A funded ratio above 80% signals that Louisiana Municipal Police has substantial assets to meet projected obligations, placing it above the national public-pension average of roughly 72–75%. Employer contributions covered 13.3% of the Annual Required Contribution in the most recent reporting cycle, while the plan posted a 5-year average investment return of 7.0%. The relationship between contribution adequacy and investment performance determines whether the unfunded liability narrows or expands year over year.

For Louisiana taxpayers and plan members, the $311M unfunded gap represents the actuarial shortfall that must eventually be closed through a combination of contributions, investment returns, or benefit modifications. Unlike private-sector pensions governed by ERISA and backstopped by the PBGC, public plans like Louisiana Municipal Police rely on the full faith and credit of Louisiana — meaning funding shortfalls flow through to state and local budgets rather than a federal insurance program. This information summarizes official Public Plans Database disclosures and is provided for research and educational purposes only. It is not financial, legal, or retirement-planning advice; active and retired members with specific benefit questions should consult their plan administrator directly.

Membership

5,288
Active Members
5,350
Retirees
13,112
Total Members

Frequently Asked Questions

Is Louisiana Municipal Police fully funded?
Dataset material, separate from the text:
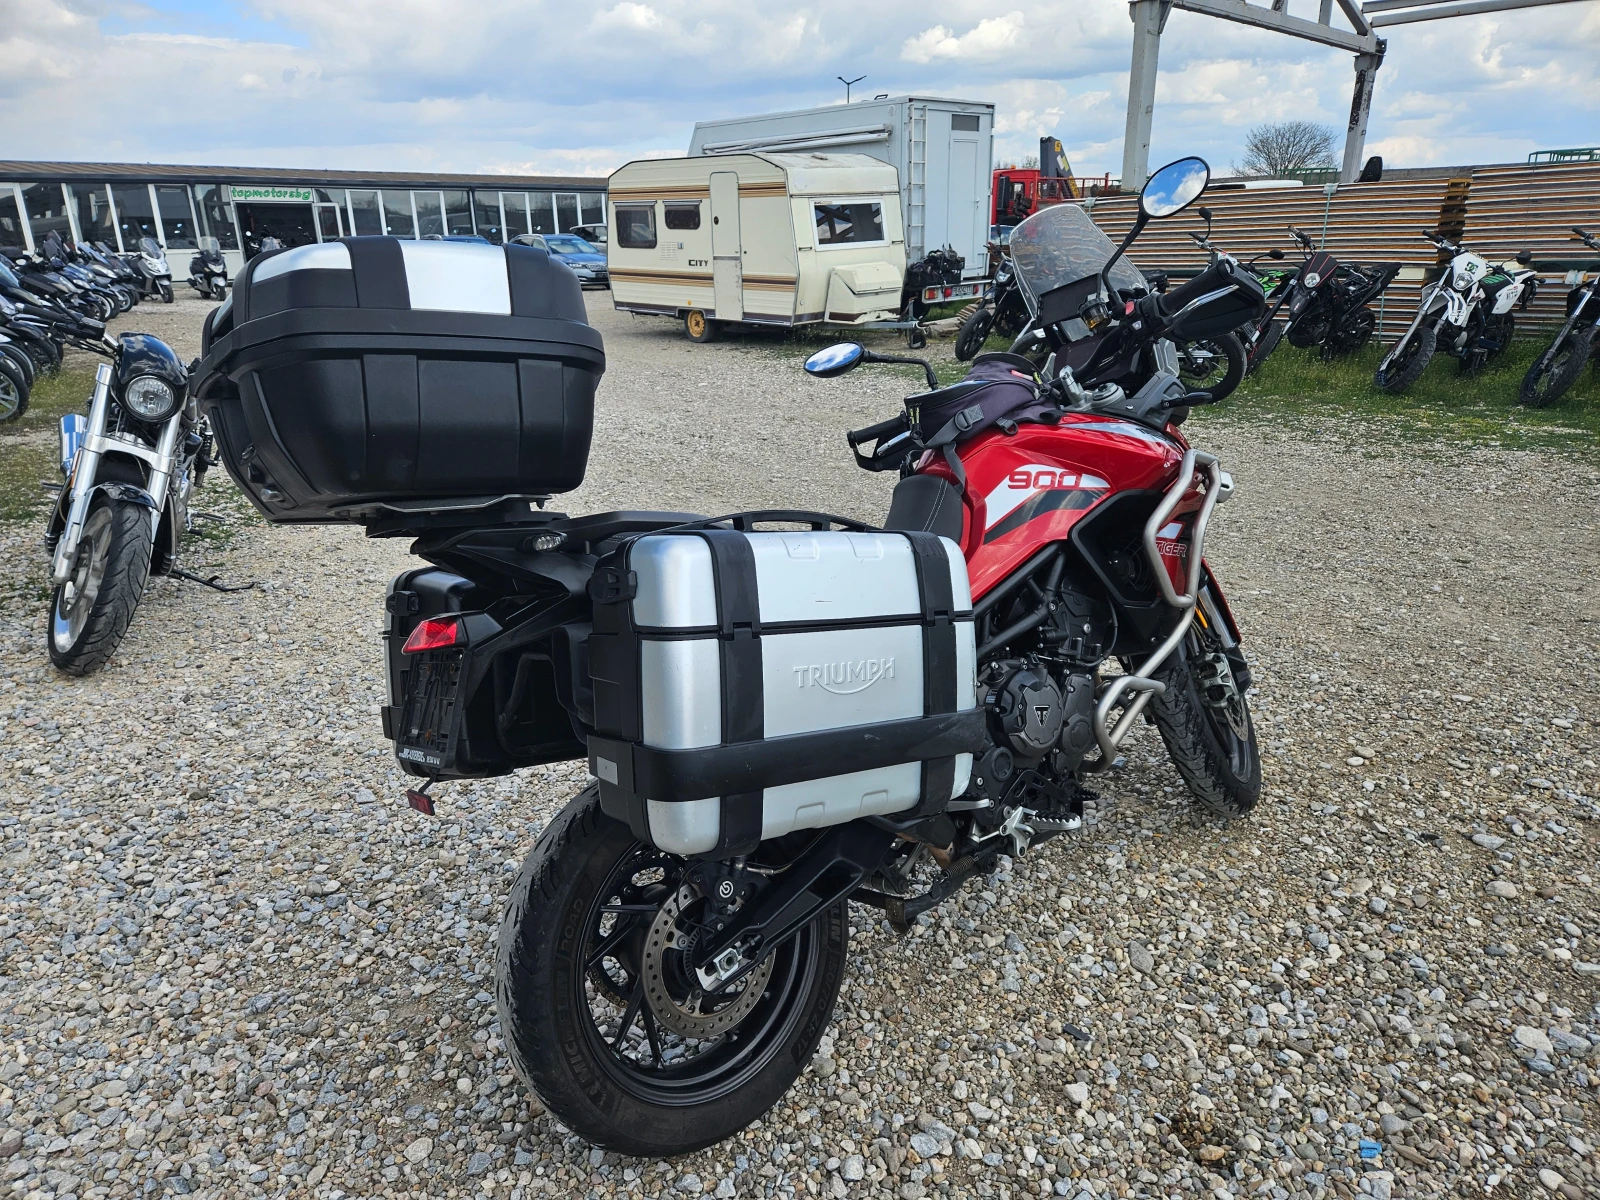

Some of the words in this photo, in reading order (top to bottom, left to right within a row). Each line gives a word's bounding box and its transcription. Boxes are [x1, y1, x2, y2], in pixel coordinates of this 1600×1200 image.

[688, 259, 708, 267] CITY
[1008, 470, 1081, 490] 900
[1155, 540, 1188, 557] TIGER
[793, 657, 896, 695] TRIUMPH
Louisiana Municipal Police has a funded ratio of 89.4% as of FY2023, earning a health grade of B. A funded ratio of 100% means the plan has enough assets to cover all projected liabilities. Ratios above 80% are generally considered adequately funded; ratios below 60% indicate significant underfunding and risk to future benefits.

What happens if Louisiana Municipal Police runs out of money?
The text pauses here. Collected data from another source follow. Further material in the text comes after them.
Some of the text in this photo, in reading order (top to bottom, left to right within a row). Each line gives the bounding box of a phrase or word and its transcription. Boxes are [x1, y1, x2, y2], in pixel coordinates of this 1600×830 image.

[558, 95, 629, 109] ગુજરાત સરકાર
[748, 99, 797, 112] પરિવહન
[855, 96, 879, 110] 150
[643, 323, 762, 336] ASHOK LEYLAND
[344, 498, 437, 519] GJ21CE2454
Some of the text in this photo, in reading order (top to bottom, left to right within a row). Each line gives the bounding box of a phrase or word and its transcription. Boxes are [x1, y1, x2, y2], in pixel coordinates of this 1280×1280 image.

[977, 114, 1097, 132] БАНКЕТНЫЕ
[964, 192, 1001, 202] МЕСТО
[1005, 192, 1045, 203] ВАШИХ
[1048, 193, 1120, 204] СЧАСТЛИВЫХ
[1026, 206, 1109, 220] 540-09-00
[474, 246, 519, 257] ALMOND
Public pension plans like Louisiana Municipal Police are backed by the sponsoring government entity — in this case Louisiana. If a plan's assets are insufficient, the state or local government is typically required to make up the difference through increased contributions, benefit adjustments, or tax measures. Unlike private pensions, public pensions are not insured by the PBGC, but they do carry the full faith and credit of the sponsoring government.

What does a funded ratio of 89.4% mean?

A funded ratio of 89.4% means that Louisiana Municipal Police currently has assets equal to 89.4% of its projected benefit obligations. The unfunded liability — the gap between assets and liabilities — stands at $311M. This is considered adequately funded.
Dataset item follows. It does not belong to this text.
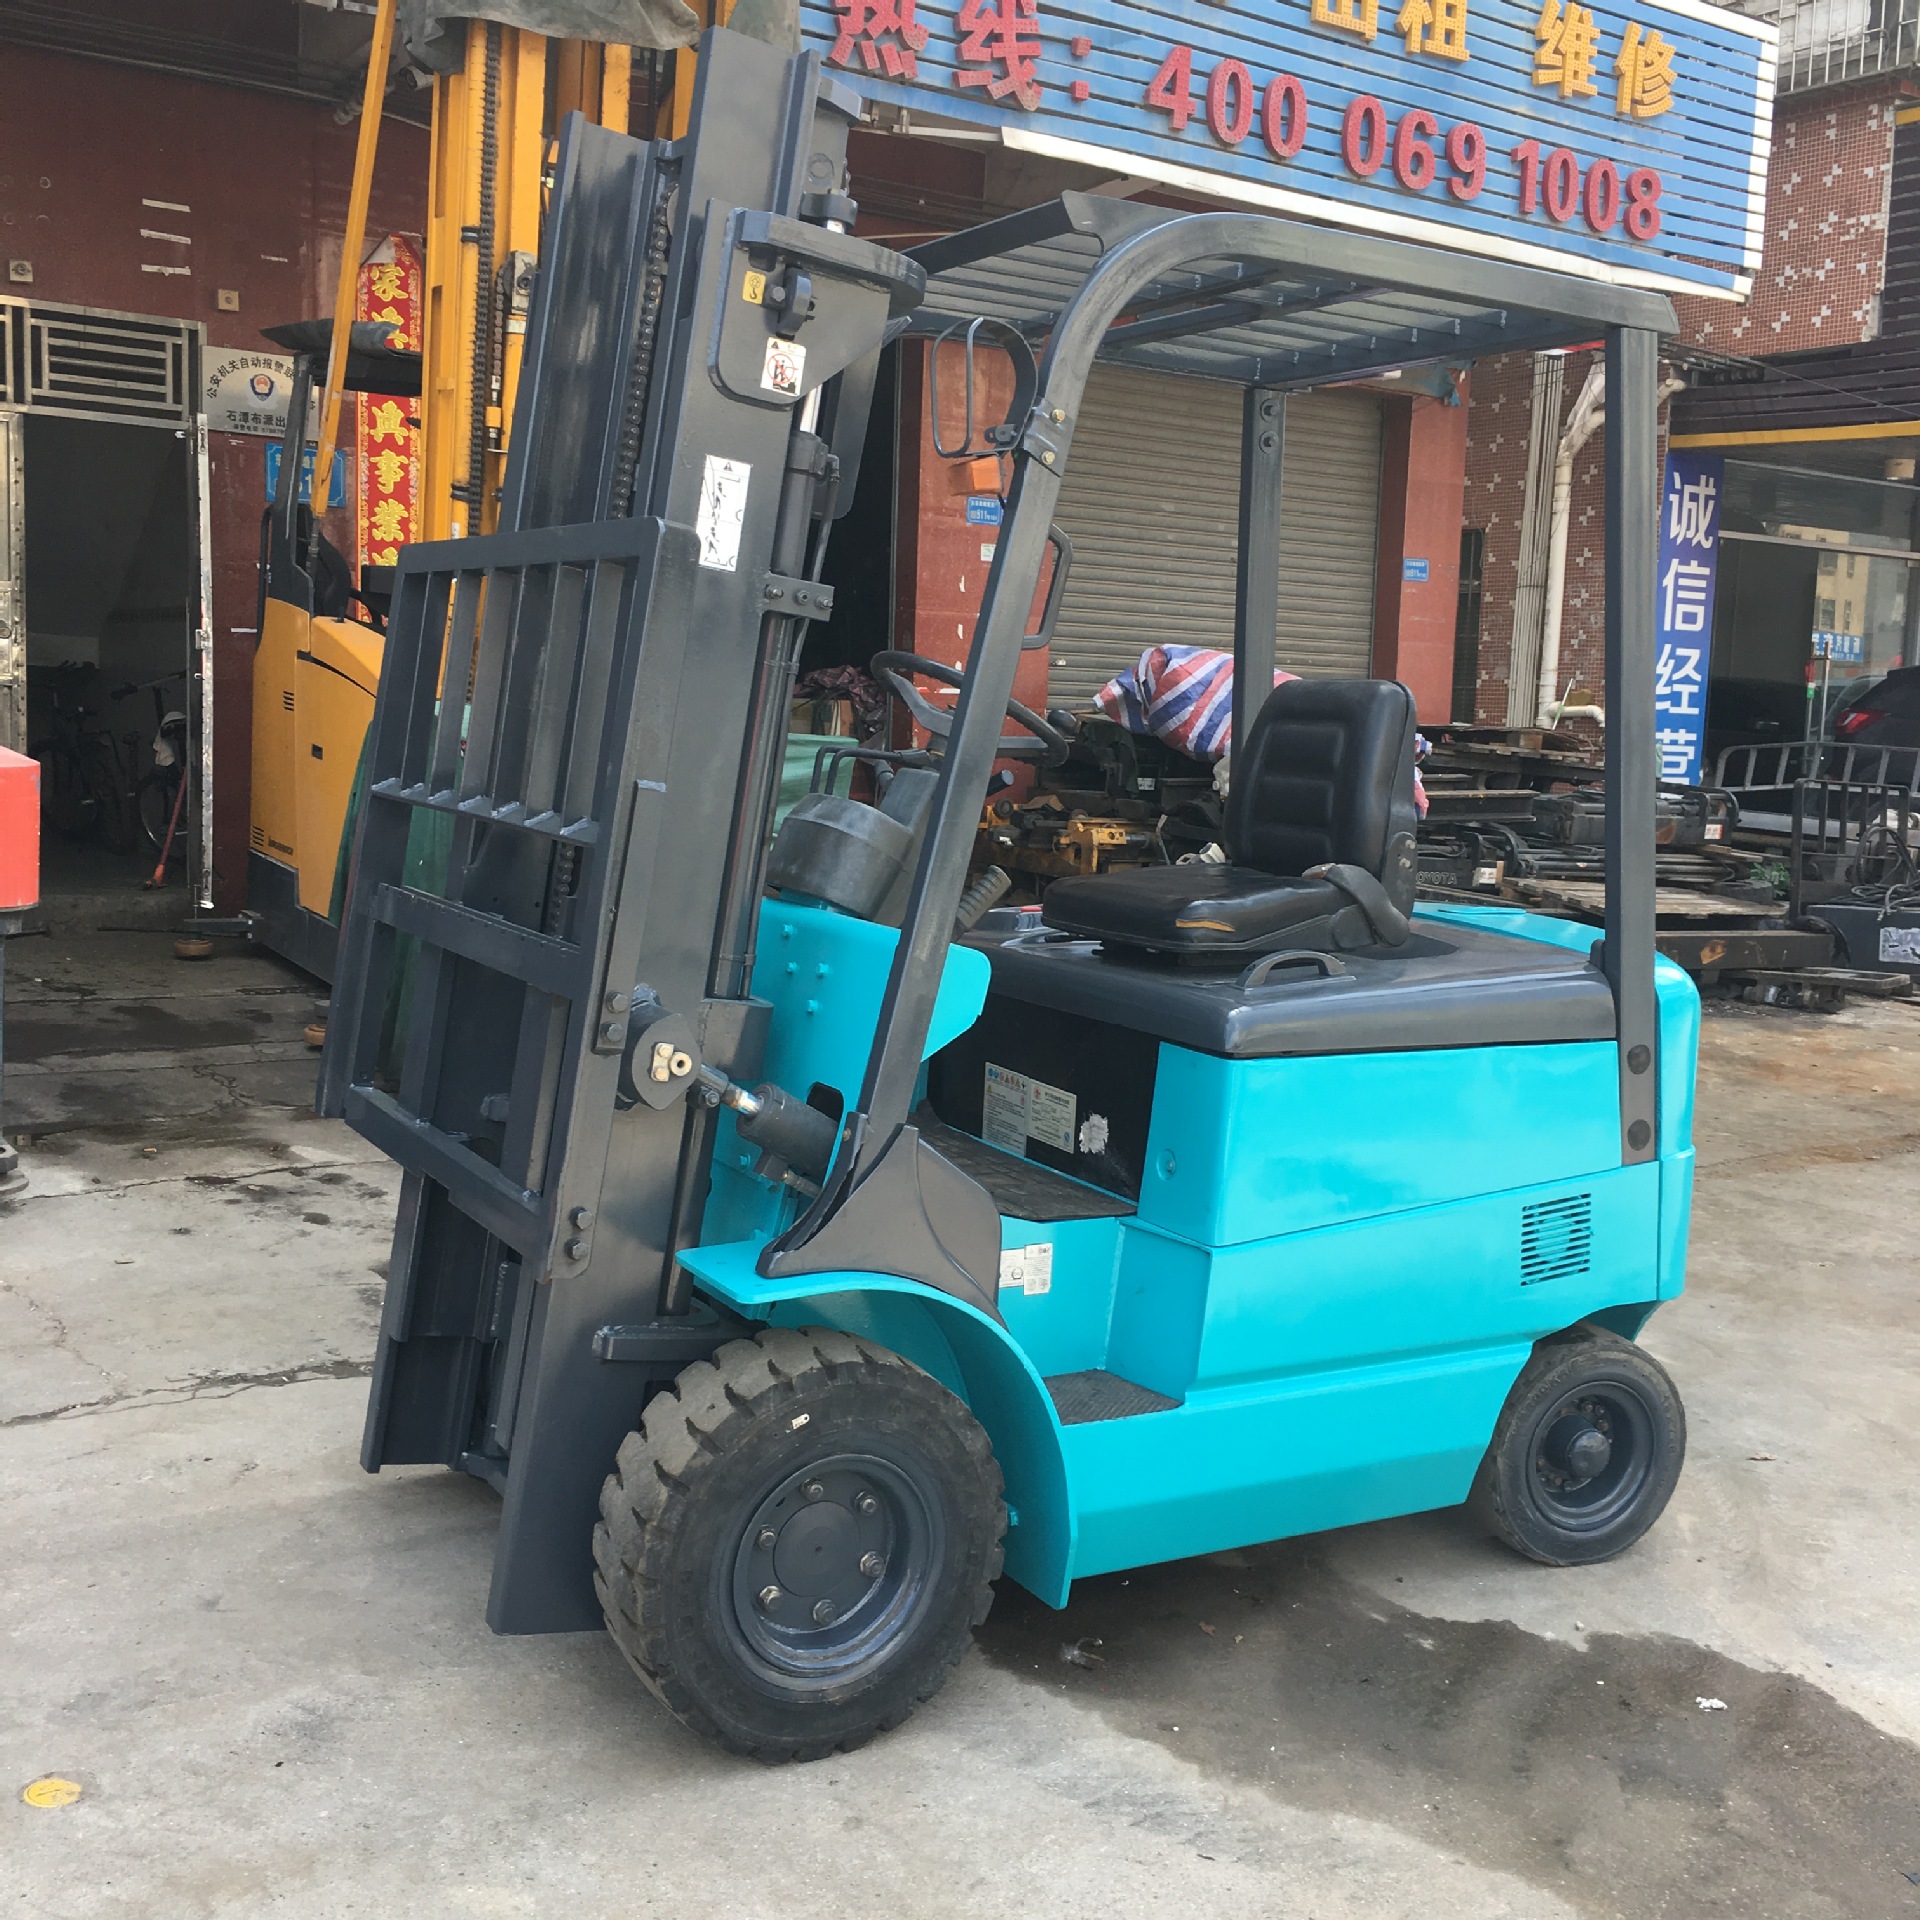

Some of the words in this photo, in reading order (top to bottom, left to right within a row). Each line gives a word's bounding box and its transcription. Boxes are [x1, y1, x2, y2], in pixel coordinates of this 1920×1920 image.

How does Louisiana Municipal Police compare to other public pensions?

Louisiana Municipal Police is a Police & Fire plan in Louisiana serving 13,112 members. Nationally, the average funded ratio for public pension plans tracked by the Public Plans Database is approximately 72–75%. Louisiana Municipal Police's funded ratio of 89.4% places it above the national average, reflecting strong fiscal management.

How many members does Louisiana Municipal Police have?

Louisiana Municipal Police covers 13,112 total members, including 5,288 active employees and 5,350 retirees currently receiving benefits. The ratio of active members to retirees is a key indicator of plan sustainability — when the number of retirees grows relative to active contributors, funding pressure increases.

What is the ARC payment percentage for Louisiana Municipal Police?

Louisiana Municipal Police pays 13.3% of its Annual Required Contribution (ARC). Consistently underpaying the ARC accelerates the growth of unfunded liabilities and places future benefits at greater risk. Employer contribution patterns are tracked annually in the Public Plans Database.

Related

Data sourced from official Public Plans Database and actuarial valuations from federal and state pension systems. See our methodology for details. Retrieved and formatted by Kiznis Studio Editorial

Disclaimer: This information is provided for informational purposes only and does not constitute professional advice. Data is sourced from the Public Plans Database (PPD). Consult a qualified professional before making decisions based on this data.